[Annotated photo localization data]
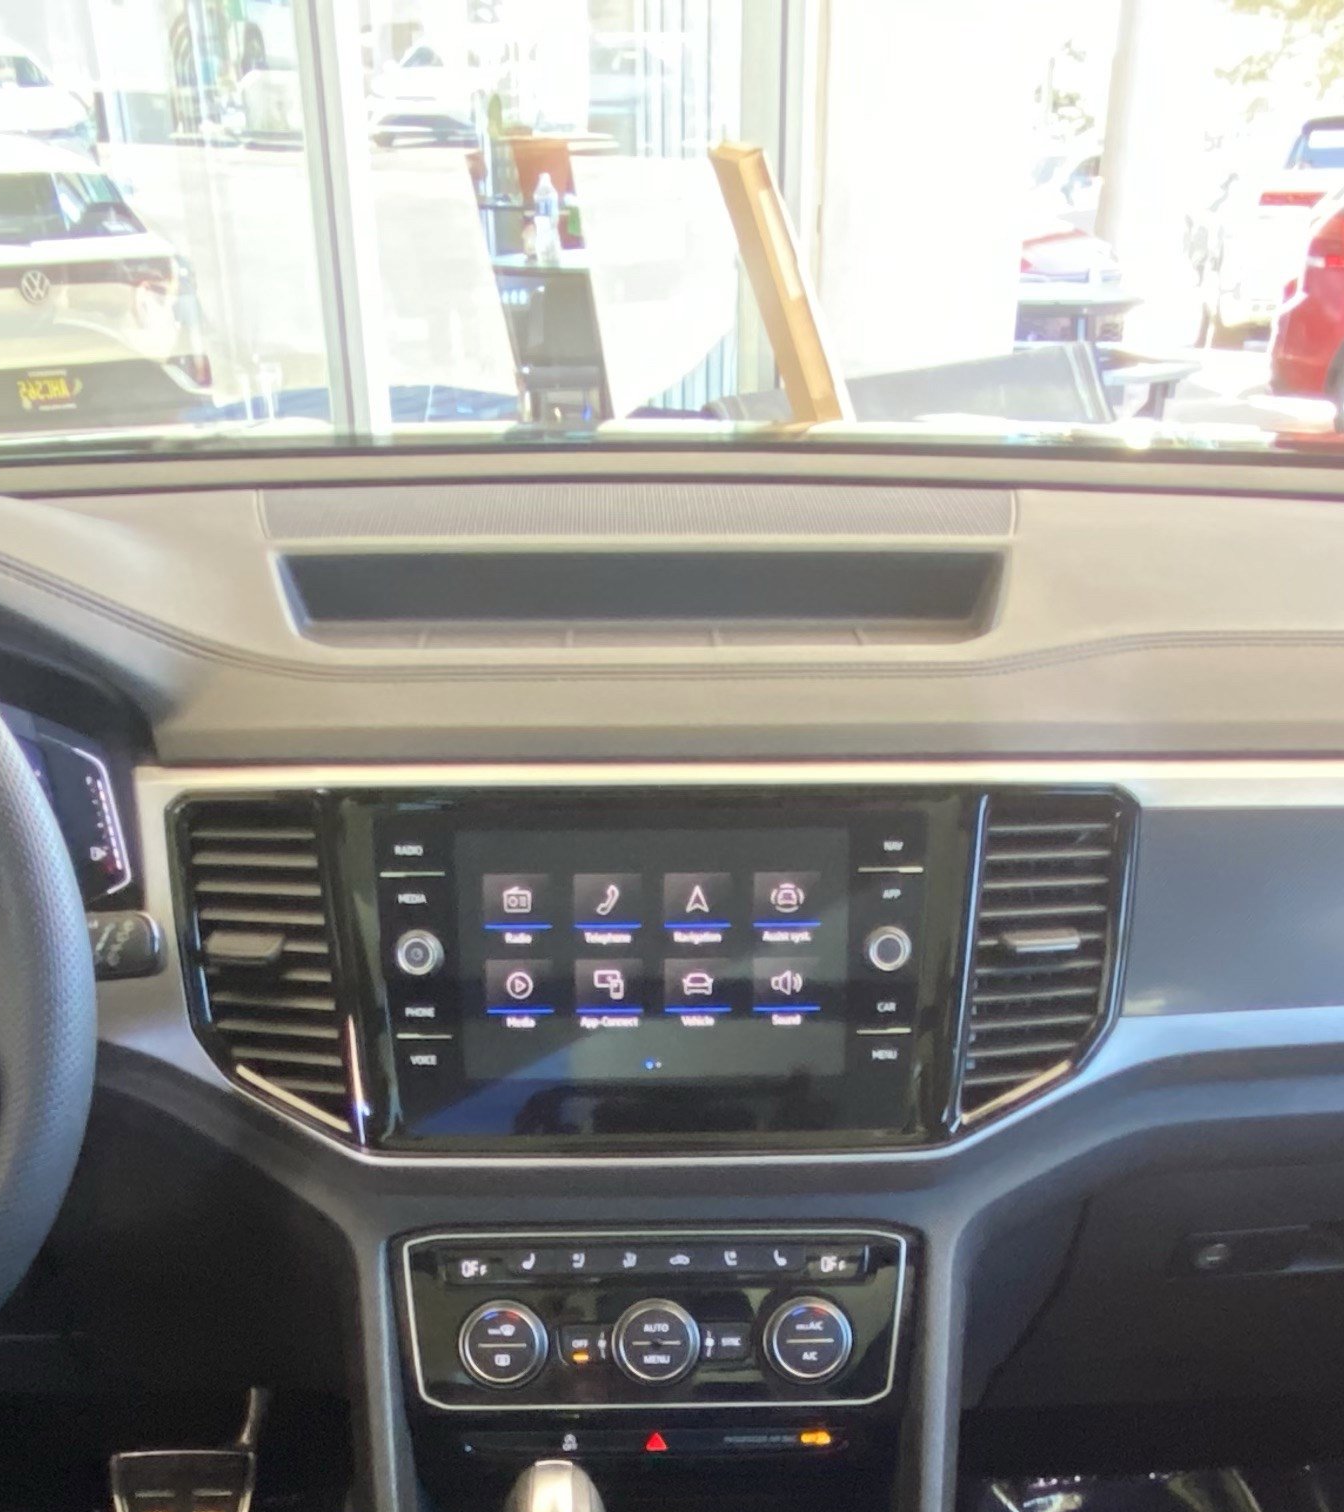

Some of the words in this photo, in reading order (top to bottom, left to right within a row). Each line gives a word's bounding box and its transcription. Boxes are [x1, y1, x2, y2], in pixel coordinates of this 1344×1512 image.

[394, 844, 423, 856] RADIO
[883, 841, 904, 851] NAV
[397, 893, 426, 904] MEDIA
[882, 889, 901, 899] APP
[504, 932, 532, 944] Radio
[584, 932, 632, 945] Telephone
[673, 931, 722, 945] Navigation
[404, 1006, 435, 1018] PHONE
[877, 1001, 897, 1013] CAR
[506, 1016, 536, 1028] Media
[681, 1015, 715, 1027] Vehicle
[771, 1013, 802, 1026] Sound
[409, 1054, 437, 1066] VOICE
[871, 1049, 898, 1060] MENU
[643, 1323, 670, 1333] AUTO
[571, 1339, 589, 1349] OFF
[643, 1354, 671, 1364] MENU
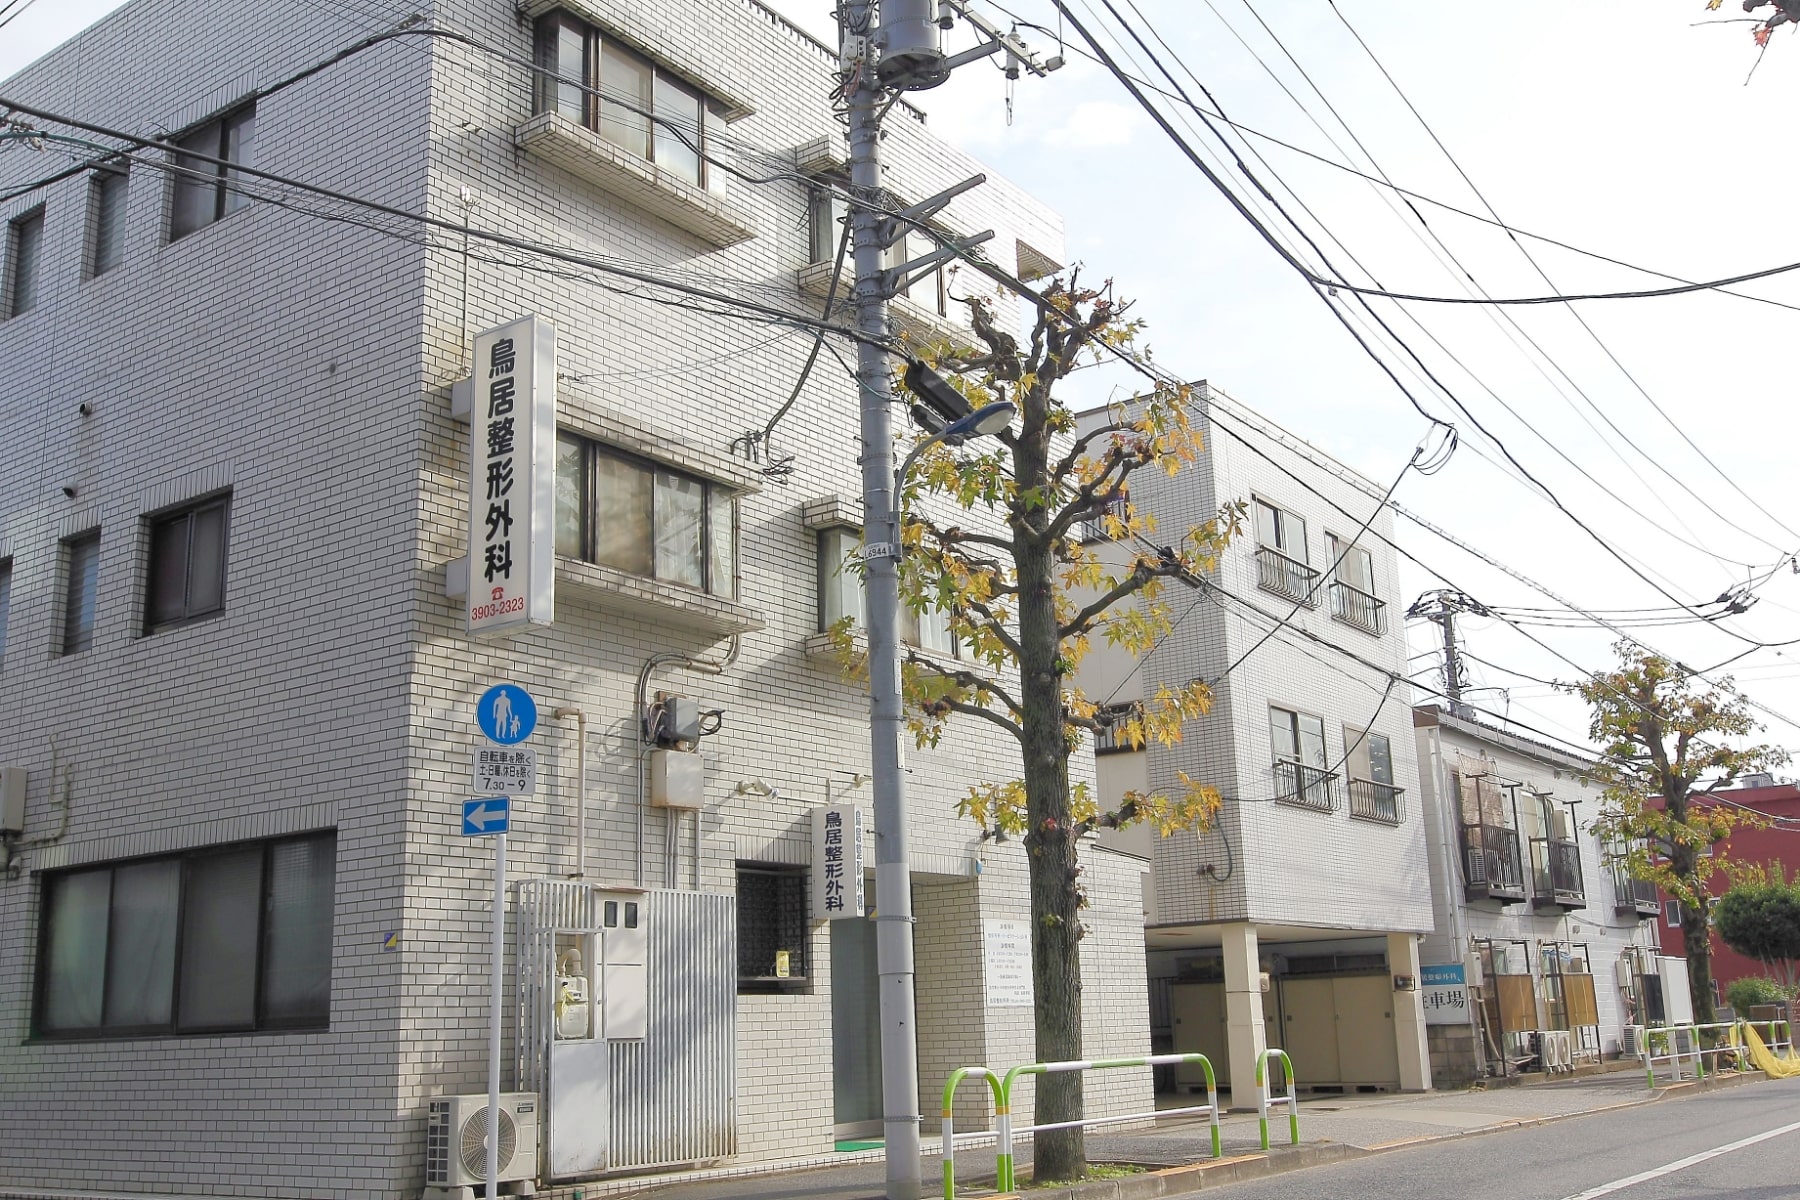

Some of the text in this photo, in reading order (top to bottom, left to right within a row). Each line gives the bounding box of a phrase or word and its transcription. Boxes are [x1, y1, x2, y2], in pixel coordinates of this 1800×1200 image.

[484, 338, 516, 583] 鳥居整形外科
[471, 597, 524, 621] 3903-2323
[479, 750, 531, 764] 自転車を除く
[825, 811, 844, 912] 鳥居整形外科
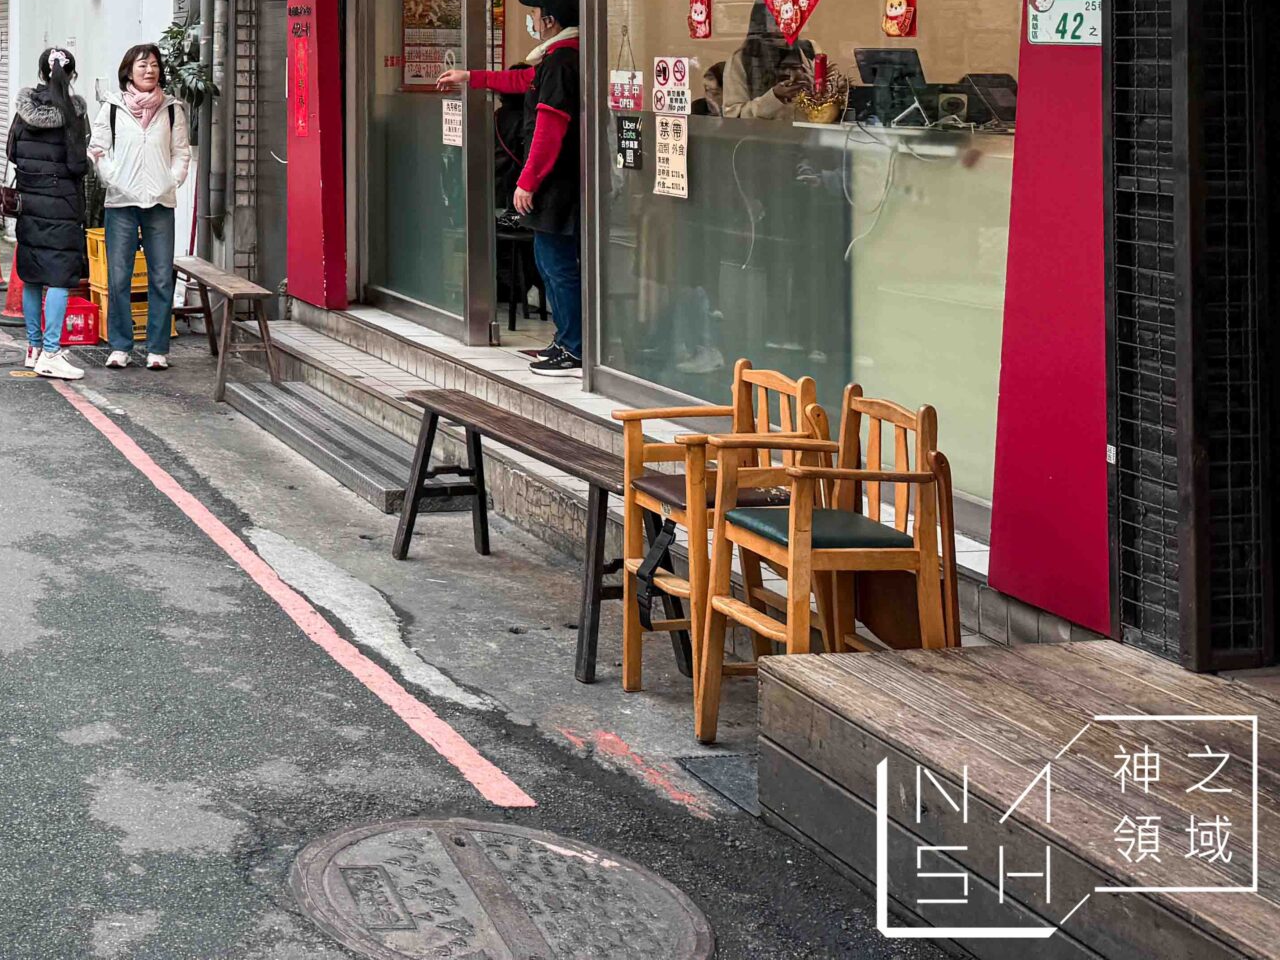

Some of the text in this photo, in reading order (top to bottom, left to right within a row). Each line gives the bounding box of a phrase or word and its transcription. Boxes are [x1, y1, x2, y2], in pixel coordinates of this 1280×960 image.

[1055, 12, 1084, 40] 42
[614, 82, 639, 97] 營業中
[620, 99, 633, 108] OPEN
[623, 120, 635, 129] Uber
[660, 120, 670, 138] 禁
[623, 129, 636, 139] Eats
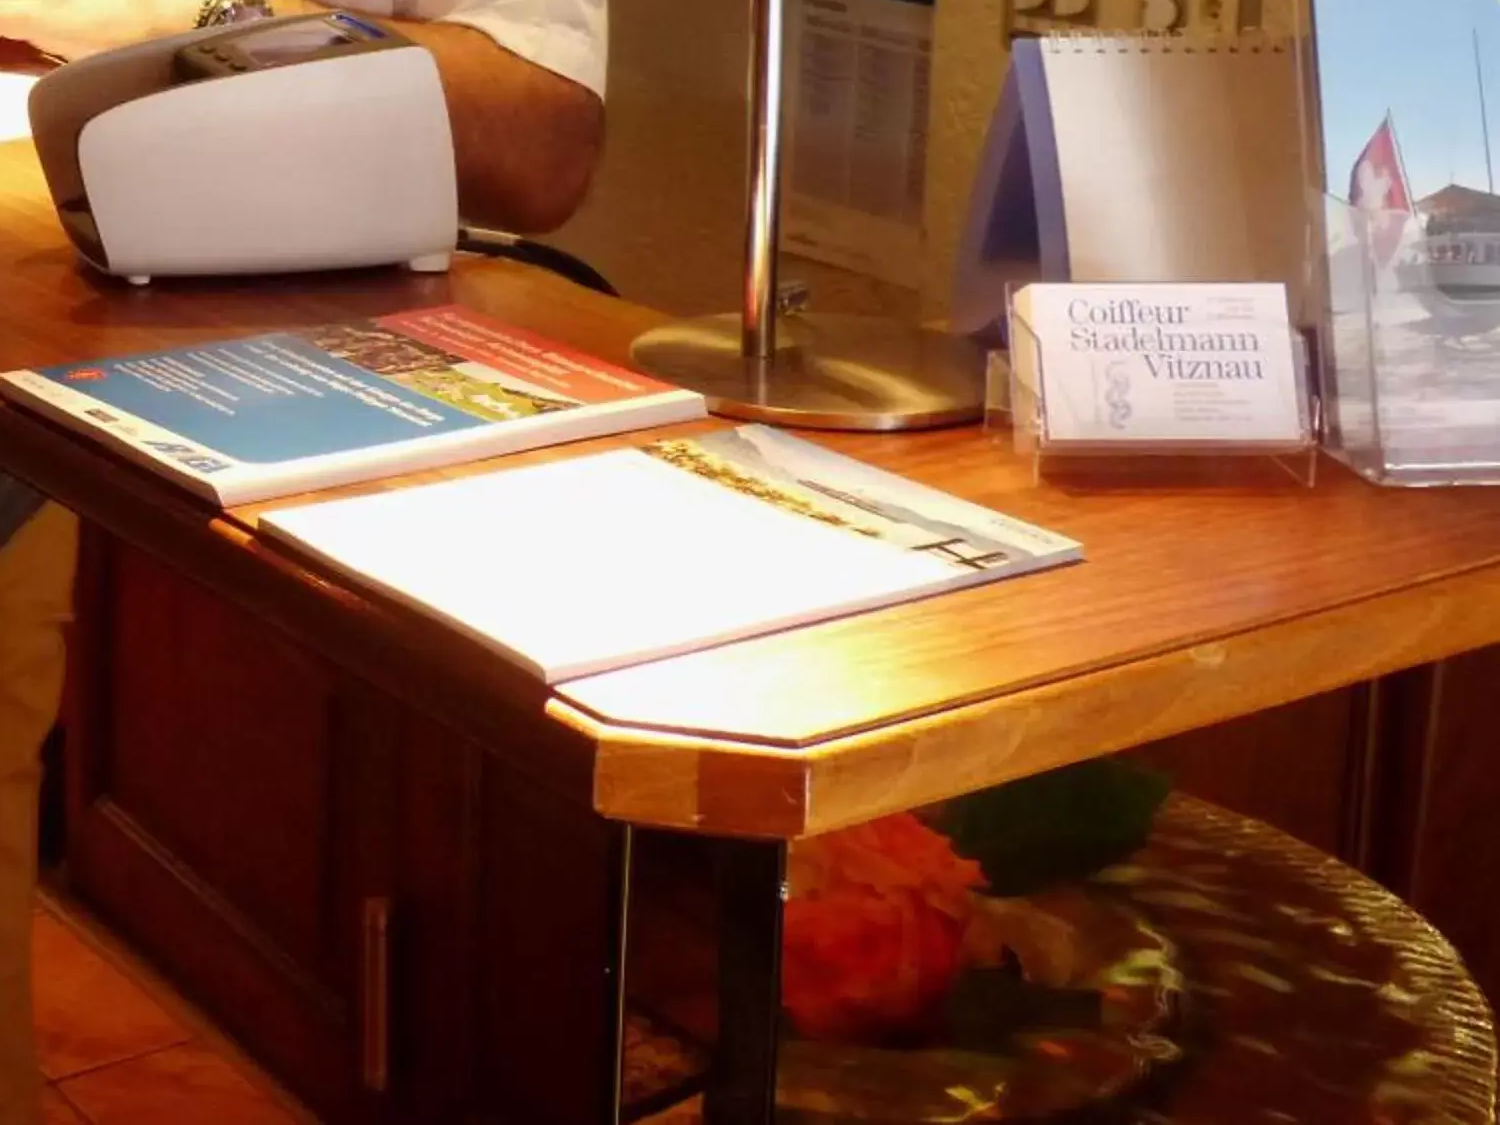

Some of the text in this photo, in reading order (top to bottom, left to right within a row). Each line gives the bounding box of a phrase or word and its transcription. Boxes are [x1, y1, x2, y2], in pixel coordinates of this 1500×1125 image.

| Brief |
Output every record verbatim, excluding any picture it contains.

| Result of this task |
Some of the words in this photo, in reading order (top to bottom, left to right within a row). Each line gives a word's bounding box and its transcription. Boxes are [x1, y1, x2, y2], in pixel coordinates of this 1344×1512 image.

[394, 844, 423, 856] RADIO
[883, 841, 904, 851] NAV
[397, 893, 426, 904] MEDIA
[882, 889, 901, 899] APP
[504, 932, 532, 944] Radio
[584, 932, 632, 945] Telephone
[673, 931, 722, 945] Navigation
[404, 1006, 435, 1018] PHONE
[877, 1001, 897, 1013] CAR
[506, 1016, 536, 1028] Media
[681, 1015, 715, 1027] Vehicle
[771, 1013, 802, 1026] Sound
[409, 1054, 437, 1066] VOICE
[871, 1049, 898, 1060] MENU
[643, 1323, 670, 1333] AUTO
[571, 1339, 589, 1349] OFF
[643, 1354, 671, 1364] MENU

Some of the text in this photo, in reading order (top to bottom, left to right within a row). Each line gives the bounding box of a phrase or word and its transcription. Boxes are [x1, y1, x2, y2], in pixel coordinates of this 1800×1200 image.

[484, 338, 516, 583] 鳥居整形外科
[471, 597, 524, 621] 3903-2323
[479, 750, 531, 764] 自転車を除く
[825, 811, 844, 912] 鳥居整形外科

Some of the text in this photo, in reading order (top to bottom, left to right within a row). Each line gives the bounding box of a phrase or word and its transcription. Boxes are [x1, y1, x2, y2], in pixel coordinates of this 1280×960 image.

[1055, 12, 1084, 40] 42
[614, 82, 639, 97] 營業中
[620, 99, 633, 108] OPEN
[623, 120, 635, 129] Uber
[660, 120, 670, 138] 禁
[623, 129, 636, 139] Eats

Some of the text in this photo, in reading order (top to bottom, left to right within a row). Each line gives the bounding box of a phrase or word and its transcription. Boxes are [x1, y1, x2, y2], in pixel coordinates of this 1500×1125 image.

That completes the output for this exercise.